Des responsables américains craignent que la Russie et la Chine ne tiennent compte, dans leurs décisions concernant l’Ukraine, l’Europe et Taïwan, de l’épuisement des stocks américains d’intercepteurs de missiles, après que la guerre contre l’Iran a consommé une part importante des munitions critiques de défense aérienne, a rapporté le New York Times dimanche. Il s’agit là d’une évaluation du risque stratégique, et non d’une preuve que l’un ou l’autre dirigeant aurait décidé d’agir.

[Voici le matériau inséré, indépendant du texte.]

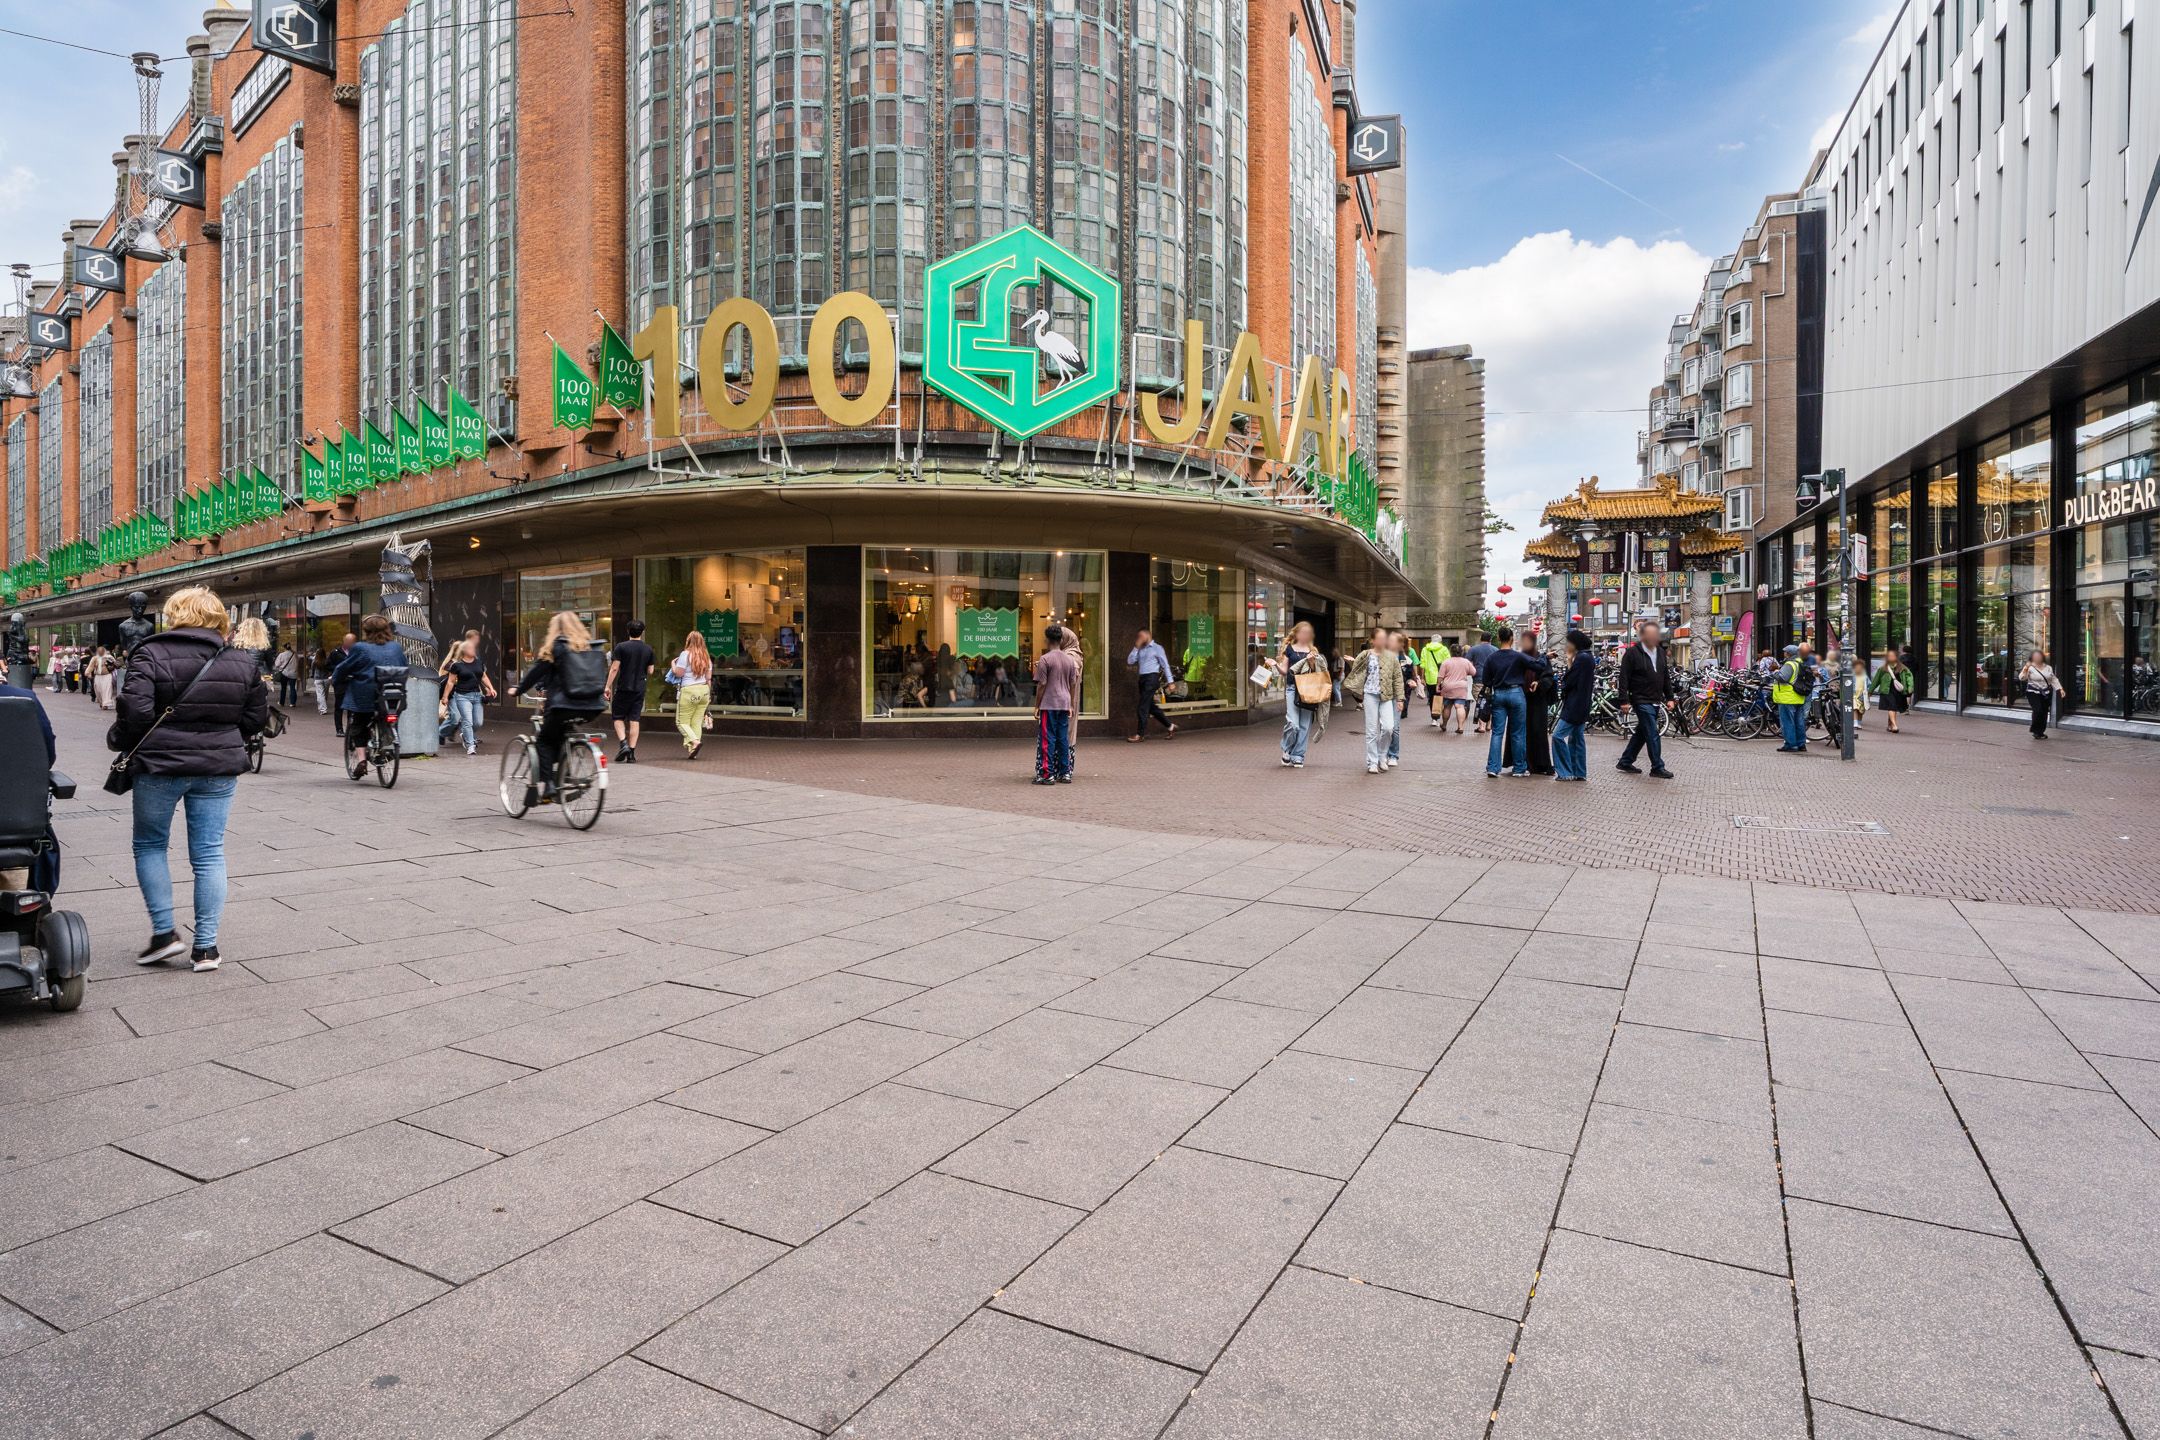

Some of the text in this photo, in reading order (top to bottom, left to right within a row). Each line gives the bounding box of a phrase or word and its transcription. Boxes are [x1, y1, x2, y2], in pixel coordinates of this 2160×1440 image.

[608, 357, 640, 376] 100
[608, 373, 637, 387] JAAR
[559, 378, 590, 396] 100
[634, 291, 1350, 485] 100 JAAR
[560, 395, 589, 407] JAAR
[454, 415, 482, 431] 100
[455, 430, 481, 440] JAAR
[371, 444, 396, 457] 100
[402, 448, 419, 457] JAA
[329, 459, 342, 471] 10
[372, 456, 395, 465] JAAR
[307, 468, 325, 479] 10
[330, 470, 340, 478] JA
[348, 464, 365, 473] JAA
[309, 479, 325, 487] JAA
[241, 490, 253, 500] 10
[257, 485, 280, 496] 100
[258, 495, 278, 503] JAAR
[2064, 477, 2157, 527] PULL&BEAR
[150, 524, 168, 532] 100

Les stocks du Pentagone sont classifiés, mais le CSIS a estimé que quatre systèmes — PrSM, SM-3, THAAD et Patriot — pourraient avoir consommé plus de la moitié de leurs stocks d’avant-guerre au cours des 39 premiers jours de la guerre contre l’Iran. Une mise à jour du CSIS datée du 27 juillet évaluait les stocks restants à moins de 1 000 intercepteurs Patriot et environ 250 intercepteurs THAAD, sans « bonne alternative » à l’un ou l’autre système contre les missiles balistiques.

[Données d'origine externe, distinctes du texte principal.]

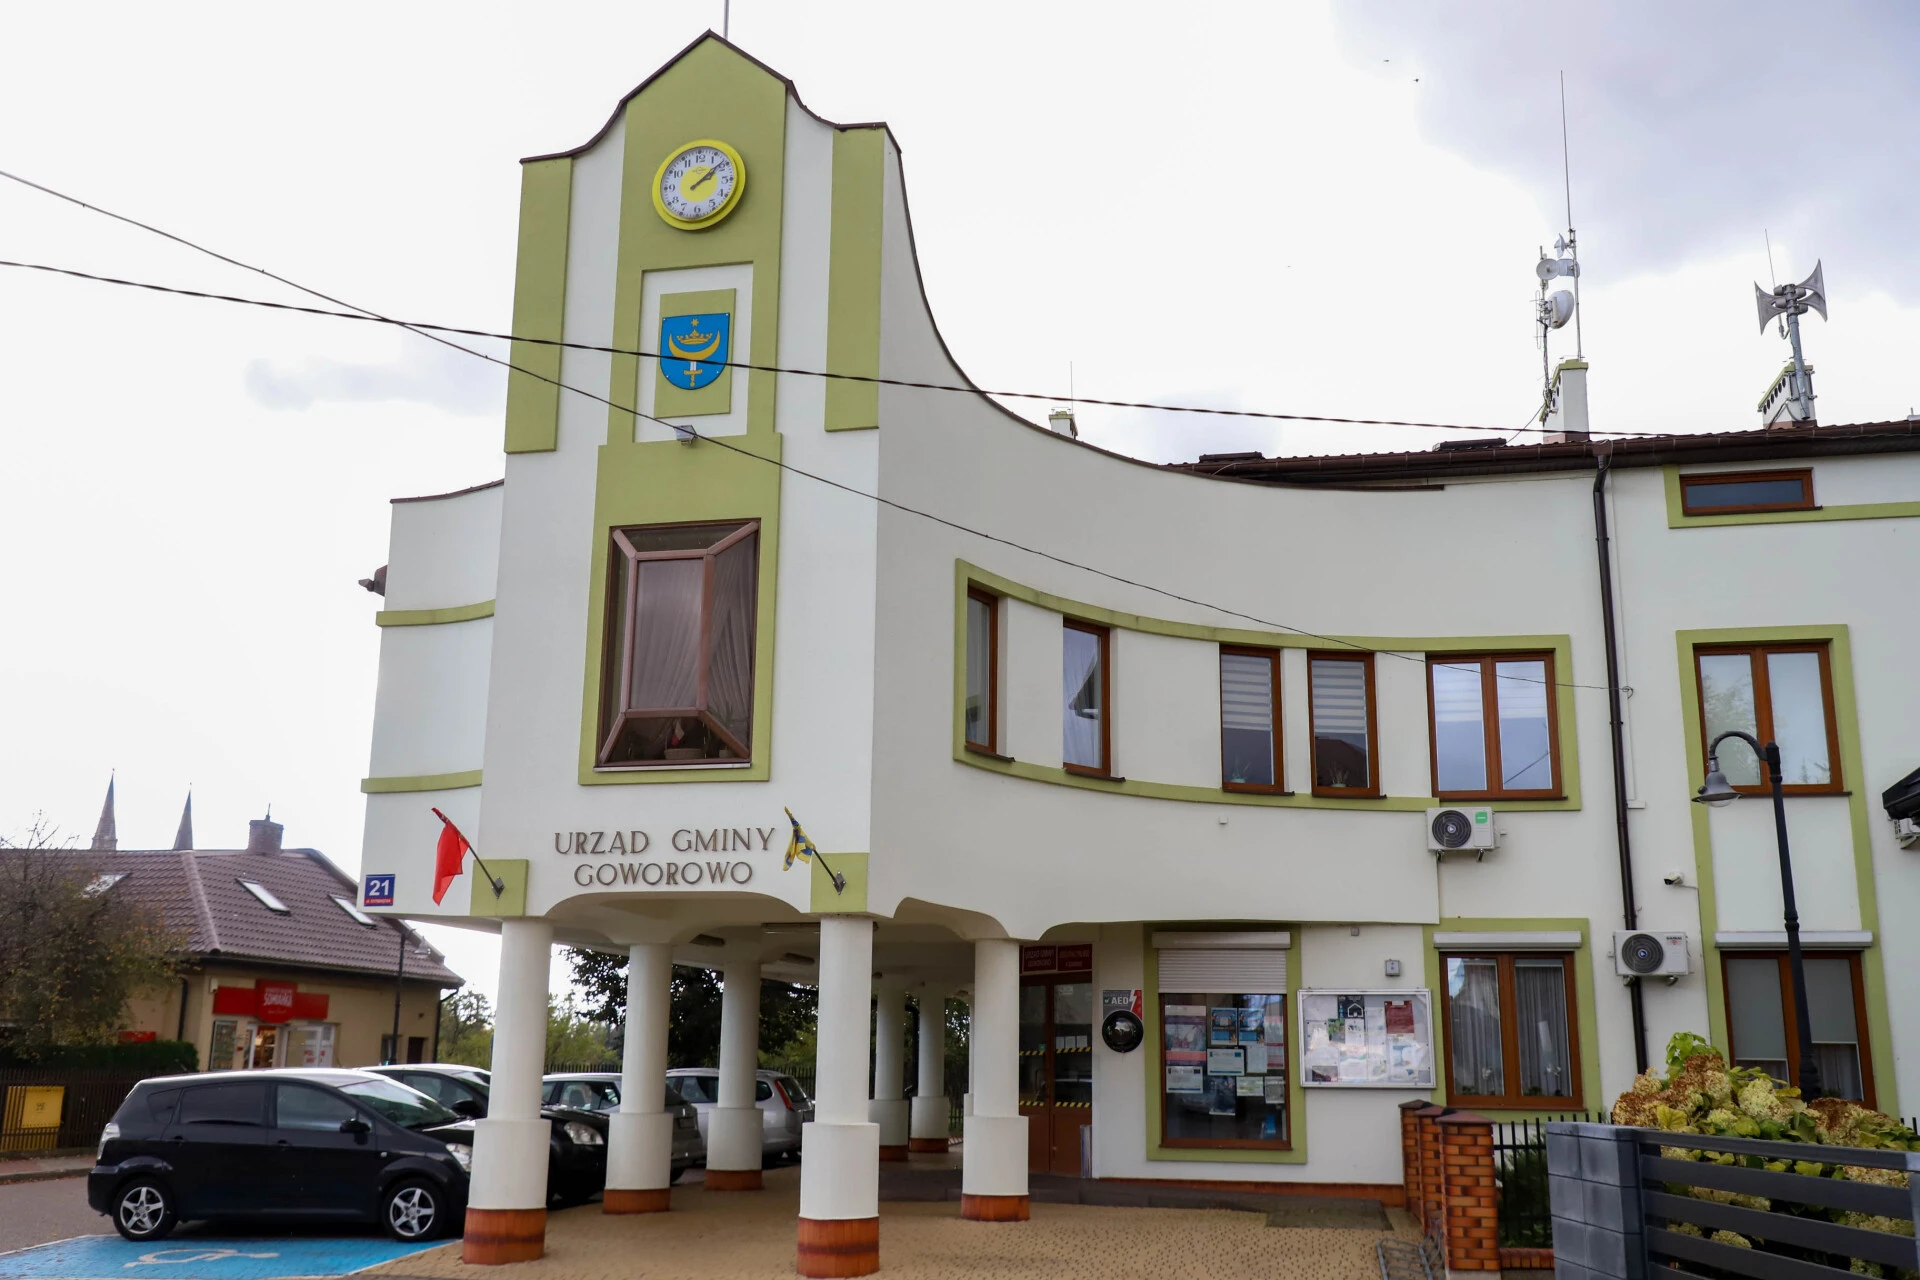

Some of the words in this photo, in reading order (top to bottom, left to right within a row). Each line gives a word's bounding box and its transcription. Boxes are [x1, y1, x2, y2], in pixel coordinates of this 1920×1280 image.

[696, 155, 705, 163] 12
[684, 160, 691, 168] 11
[673, 170, 683, 178] 10
[721, 176, 729, 184] 3
[668, 184, 675, 192] 9
[717, 189, 723, 197] 4
[672, 196, 679, 204] 8
[709, 199, 716, 207] 5
[681, 203, 687, 211] 7
[694, 205, 701, 213] 6
[554, 830, 650, 856] URZĄD
[671, 827, 775, 852] GMINY
[574, 861, 753, 886] GOWOROWO
[369, 879, 390, 896] 21
[1111, 996, 1129, 1005] AED

Le CSIS a estimé que cette pénurie crée un « risque à court et moyen terme » pour la défense des forces américaines dans un éventuel futur conflit avec la Chine dans le Pacifique occidental. Les délais de fabrication se sont allongés, passant d’environ 24 mois à plus de 36 mois, les commandes de munitions ayant « dépassé les capacités de production ces dernières années », selon le CSIS. Le Pentagone a depuis annoncé des accords de sept ans visant à accroître la production des systèmes PAC-3 MSE et THAAD. Ramener les sept catégories de stocks examinées à leurs niveaux estimés d’avant-guerre pourrait prendre de un à quatre ans ; atteindre des niveaux suffisants pour un conflit avec la Chine prendrait davantage de temps encore.

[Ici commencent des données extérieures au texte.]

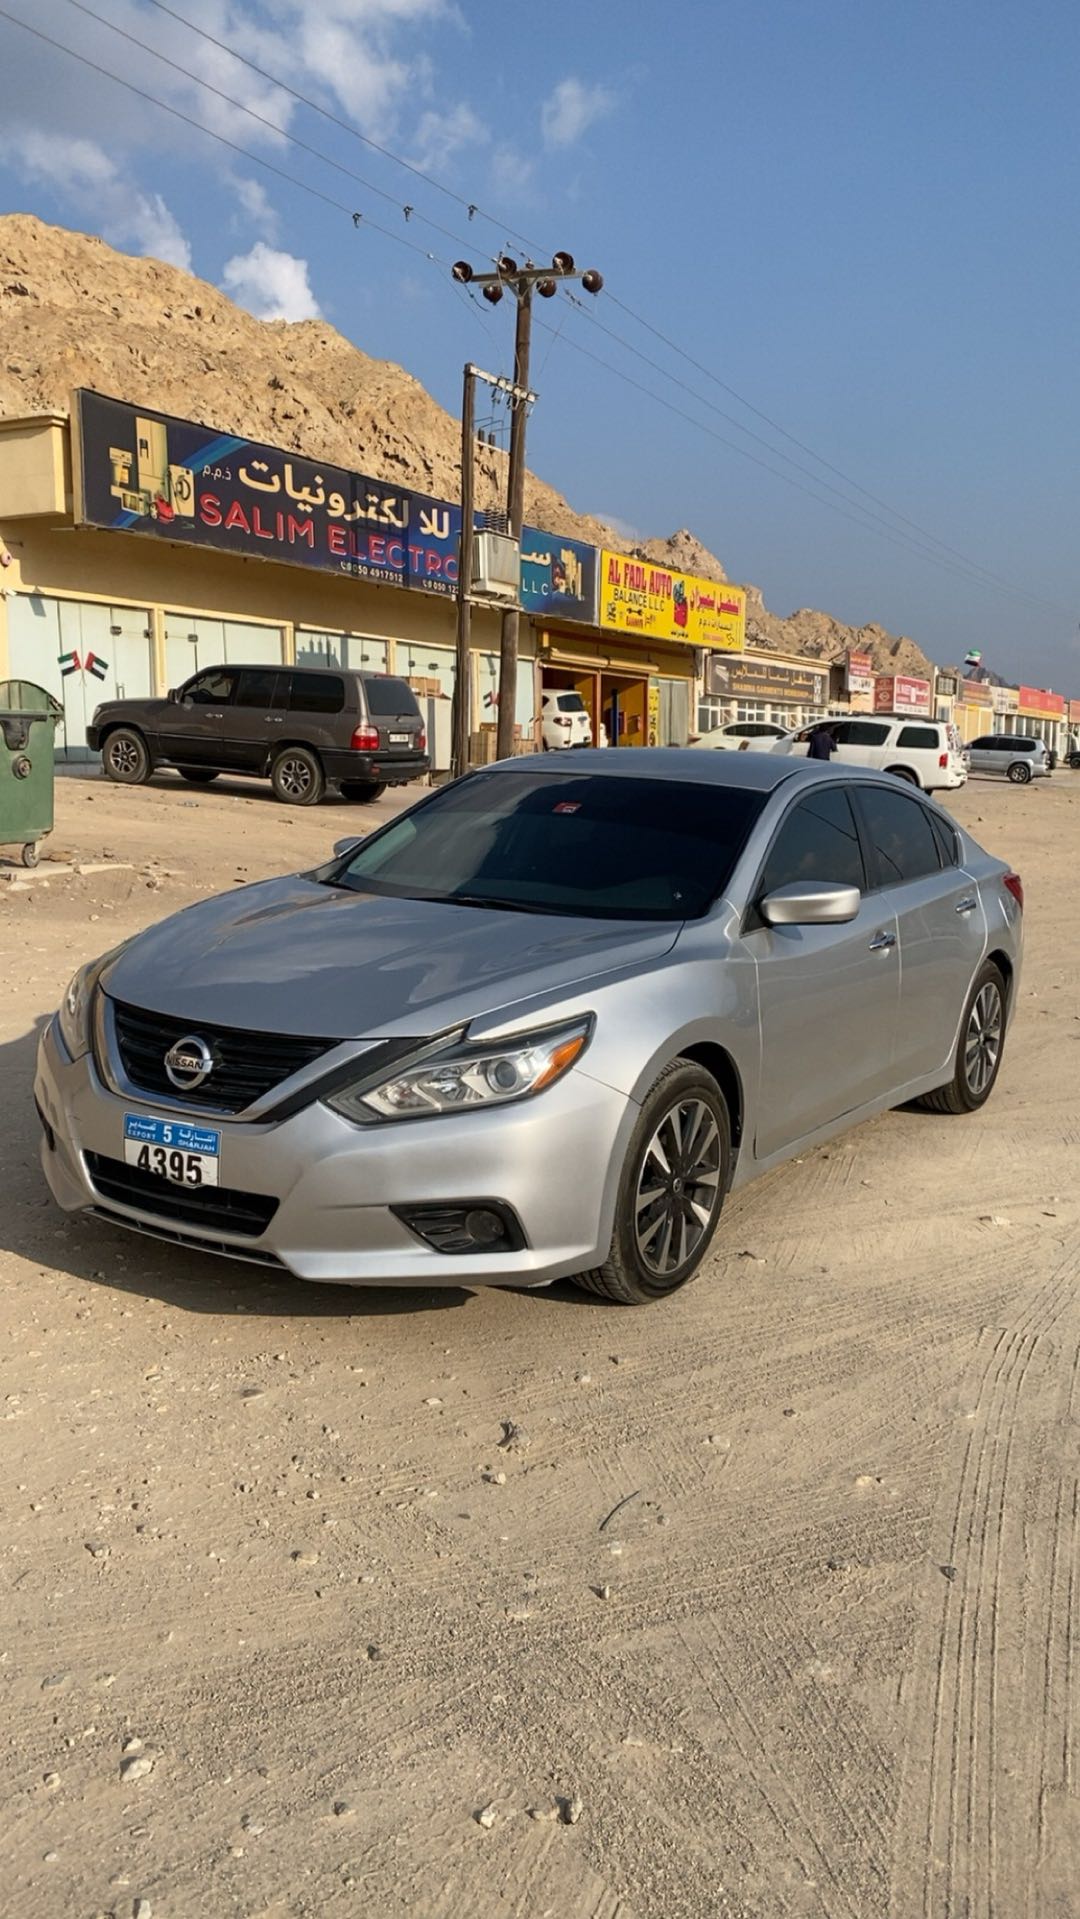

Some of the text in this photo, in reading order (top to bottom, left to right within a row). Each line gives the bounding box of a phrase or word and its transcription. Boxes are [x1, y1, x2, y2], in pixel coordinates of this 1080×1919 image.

[200, 490, 549, 597] SALIM ELECTRO LLC
[352, 564, 368, 576] 050
[608, 558, 673, 600] AL FADL AUTO
[433, 581, 446, 592] 050
[613, 587, 648, 609] BALANCE
[167, 1053, 204, 1070] NISSAN
[127, 1129, 216, 1152] EXPORT SHARJAH
[163, 1125, 173, 1143] 5
[137, 1144, 202, 1185] 4395

Des responsables ont cité la disponibilité des intercepteurs comme l’un des facteurs, parmi d’autres, ayant conduit Trump à différer une escalade plus large après 13 nuits de frappes renouvelées. Le CSIS a qualifié la situation d’ensemble de « fenêtre de vulnérabilité » : l’épuisement des stocks ne prouve pas que Pékin ou Moscou aient décidé d’agir, mais il réduit la marge dans laquelle la projection de puissance américaine demeure libre de toute contrainte logistique.